Palavras-chave: método de Rorschach; sistema compreensivo; estudo normativo; adultos.


ABSTRACT

This article presents the results of research with nonpatient adults used to perform descriptive statistics of the variables that compose the coding system of the Comprehensive System of countryside and coastal cities of the State of São Paulo, in Brazil. It also presents a comparative study of some variables with the results of the capital of State. The sample is comprised of 209 adults Rorschach protocols with varied characteristics. A study of integrated reliability among examiners was performed and indicated very favorable results. The descriptive statistics and comparison tests between some variables showed similarities and differences with those from the capital although they did not always occur in the manner in which we had expected. As an illustration, we can mention the level of stress that is as high in the cities of the interior (coastal and countryside) as the results founded in the capital of the state.

Keywords: Rorschach test; comprehensive system; normative study; adults.


RESUMEN

Este artículo presenta resultados de una investigación para realizar estadísticas descriptivas de variables que componen el sistema de codificación del sistema integral de personas adultas no pacientes, en ciudades en el interior y de la costa del Estado de São Paulo, en Brasil. También presenta un estudio comparativo de algunas variables con los resultados de la capital del Estado. La muestra está compuesta por protocolos de Rorschach, 209 de adultos participantes con características variadas.
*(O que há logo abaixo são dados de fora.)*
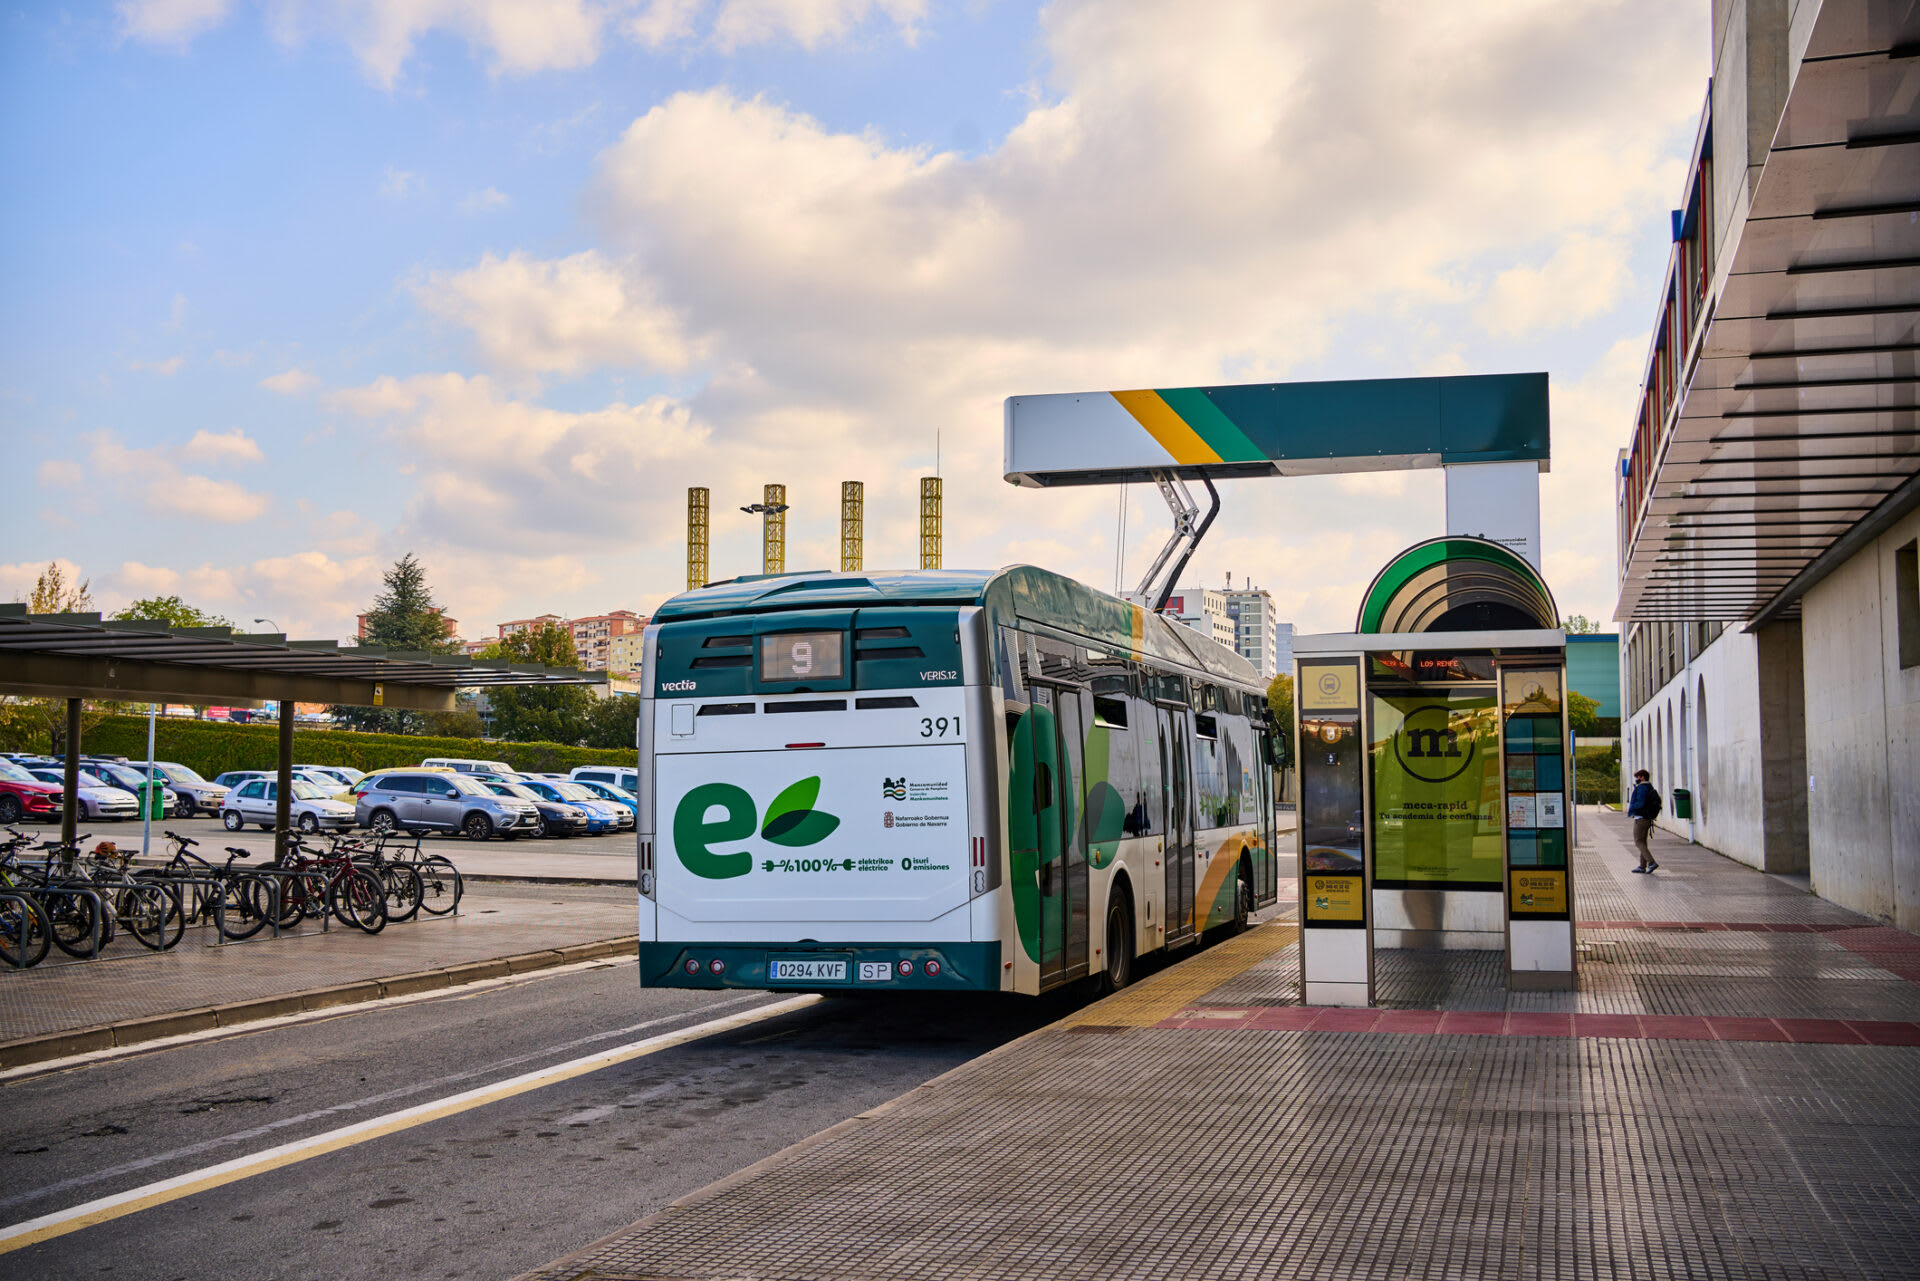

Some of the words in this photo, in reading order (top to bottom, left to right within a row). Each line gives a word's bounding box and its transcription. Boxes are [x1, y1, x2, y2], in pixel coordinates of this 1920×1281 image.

[791, 642, 813, 674] 9
[919, 670, 957, 681] VERIS.12
[661, 680, 697, 692] vectia
[919, 716, 961, 738] 391
[1406, 728, 1462, 758] m
[1402, 800, 1468, 811] meca-rapid
[1379, 812, 1390, 820] Tu
[1393, 812, 1434, 820] academia
[1436, 812, 1447, 820] de
[1449, 812, 1493, 820] confianza
[673, 782, 758, 880] e
[858, 864, 888, 872] eléctrico
[901, 857, 912, 871] 0
[913, 863, 950, 871] emisiones
[779, 963, 813, 977] 0294
[817, 963, 843, 977] KVF
Fue realizado un estudio de índice de correlación entre diferentes codificadores que indican resultados muy favorables. Los resultados de estadísticas descriptivas y análisis comparativos entre algunas variables mostraron similitudes y diferencias con los de la capital. Esas similitudes y diferencias no ocurrieran siempre en el sentido de que se esperaba. Como ejemplo, podemos mencionar que el nivel de estrés es tan alto en las ciudades del interior como los resultados encontrados en la capital del estado.
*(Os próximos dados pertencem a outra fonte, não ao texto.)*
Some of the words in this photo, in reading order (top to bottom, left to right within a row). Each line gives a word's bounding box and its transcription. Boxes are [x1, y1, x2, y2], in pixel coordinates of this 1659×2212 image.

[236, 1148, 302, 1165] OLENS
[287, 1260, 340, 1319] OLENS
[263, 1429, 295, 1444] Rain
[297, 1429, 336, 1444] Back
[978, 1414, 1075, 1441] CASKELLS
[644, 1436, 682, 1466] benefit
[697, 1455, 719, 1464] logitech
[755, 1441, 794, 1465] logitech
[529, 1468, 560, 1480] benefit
Palabras-clave: método de Rorschach; sistema comprehensivo; estudio normativo; adultos.


 

 

A partir do início da experiência com o Sistema Compreensivo do Rorschach no Brasil, notou-se uma diferença bastante constante entre os resultados encontrados com as pessoas de São Paulo e os da população de Exner (1999). No início, os mais evidentes referiam-se às porcentagens das variáveis relativas à qualidade formal das respostas, e posteriormente foram observadas outras peculiaridades relativas aos resultados das demais variáveis.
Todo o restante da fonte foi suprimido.